Kolejność przypadkowa. Jedziemy! Może dotrwacie do końca ;-)
Prezent od Danusi Kielar
z bloga http://dorianowo.blogspot.com/
z bloga http://dorianowo.blogspot.com/
Danusia specjalnie dla mnie zrobiła inicjały - śliczne literki B i P, przecudnej urody haft kuchenny oraz kominiarza na szczęście. Karteczka również z elementami haftu. Hafty są perfekcyjne!!!
pełna zawartość paczuszki łącznie ze słodkościami:
Prezent od Marty z bloga http://z-wyobrazni-atramk.blogspot.com/
Po otwarciu paczki moim oczom ukazało się fantastyczne pudełko, całe oklejone tkaniną, wieko haftowane - cudnie wiosenne! A w środku:
przezabawna haftowana karteczka ze słodkim jeżem, zapas serwetek, arkusz kanwy, zielona koronka i taśma z mnóstwem diamencików oraz słodkości:
Prezent od Justyny z bloga:
http://somepartfrommyart.blogspot.com/
http://somepartfrommyart.blogspot.com/
Justynka dobrze zapamiętała, że jednym z moich ulubionych kolorów jest czerwony i uszyła piękną poszewkę. Do tego delikatna karteczka z życzeniami, zapas serwetek (spójrzcie na niebieską!), mulinka i słodkości:
ulubiony jasiek w nowej poszewce :-)
Prezent od Eluni z bloga:
http://papierkowoniteczkowo.blogspot.com/
http://papierkowoniteczkowo.blogspot.com/
Najmocniej pachnąca przesyłka dzięki aromatycznym tea-lightom :-). W paczuszce była przecudnej urody kartka wyszyta haftem matematycznym, w "moich" kolorach zakładka wyhaftowana krzyżykami, zapas serwetek i słodkości:
Prezent od Darii z bloga: http://eetoilee.blogspot.com/
W paczuszce znalazłam dwie letnie bransoletki, kartkę z życzeniami, próbki zapachów i co nieco do degustacji.
Prezent od Sandry z bloga http://greenfrog93.blogspot.com/
To moja pierwsza sutaszowa biżuteria, Sandra bardzo się starała dopasować do moich upodobań kolorystycznych i udało jej się na szósteczkę! Zajrzyjcie koniecznie do niej by zobaczyć jakie zrobiła śliczne zdjęcia w plenerze.
Kolczyki i czerwona bransoletka już następnego dnia poszły ze mną do pracy.

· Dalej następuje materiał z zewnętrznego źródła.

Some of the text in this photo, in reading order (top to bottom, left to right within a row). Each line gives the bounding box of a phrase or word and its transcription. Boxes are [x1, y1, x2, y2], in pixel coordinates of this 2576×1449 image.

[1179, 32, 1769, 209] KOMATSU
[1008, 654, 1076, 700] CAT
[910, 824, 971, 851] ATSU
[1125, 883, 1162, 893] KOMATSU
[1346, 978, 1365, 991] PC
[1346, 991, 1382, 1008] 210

Oczywiście była jeszcze kartka z życzeniami
oraz słodkości, super lakier do paznokci, koraliki i kaboszony:
oraz słodkości, super lakier do paznokci, koraliki i kaboszony:
Prezent od Bożenki z bloga: http://bozka-mamija.blogspot.com/
Od Bożenki dostałam perfekcyjnie wykonaną ozdobę do zawieszenia - dla mnie to przykład idealnej pracy w technice deku. Otrzymałam również coś do poczytania (lubię!) oraz zakładkę, ogromny zapas serwetek (super!), kartkę z życzeniami i coś słodkiego.

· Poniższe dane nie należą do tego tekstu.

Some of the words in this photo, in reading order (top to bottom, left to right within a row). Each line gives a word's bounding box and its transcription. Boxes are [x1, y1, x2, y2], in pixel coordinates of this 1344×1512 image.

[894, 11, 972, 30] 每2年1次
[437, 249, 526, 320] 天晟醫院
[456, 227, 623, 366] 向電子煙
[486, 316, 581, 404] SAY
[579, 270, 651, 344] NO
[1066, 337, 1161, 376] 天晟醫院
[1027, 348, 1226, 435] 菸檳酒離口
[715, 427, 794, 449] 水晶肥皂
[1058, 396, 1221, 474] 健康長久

Prezent od Dorotki (i jej kota)
z bloga: http://dorotamakota.blogspot.com/
z bloga: http://dorotamakota.blogspot.com/
Odnoszę wrażenie, że Dorota dobrze mnie zna (Kochana, latałaś tu w okolicach na miotle?), bo zestaw jest idealnie w moich kolorach, kawkę lubię bardzo i to właśnie w kubeczkach, pazury lubię polerować, wisienkom nie mogę się oprzeć, a takich przydasi brakowało mi do szczęścia!
Każda solenizantka dostaje takie magiczne pudełko z instrukcją obsługi.
Musiałam natychmiast sprawdzić czy wszystko działa zgodnie z instrukcją i jak widać działa ;-)
a tak prezentuje się pełna zawartość:
Prezent od organizatorki wymianki, czyli Ewy
z bloga http://hubka38.blogspot.com/
z bloga http://hubka38.blogspot.com/
Ewcia zapytała co chciałabym, a ja poprosiłam o wianek - możecie mi zazdrościć, bo to absolutne cudeńko!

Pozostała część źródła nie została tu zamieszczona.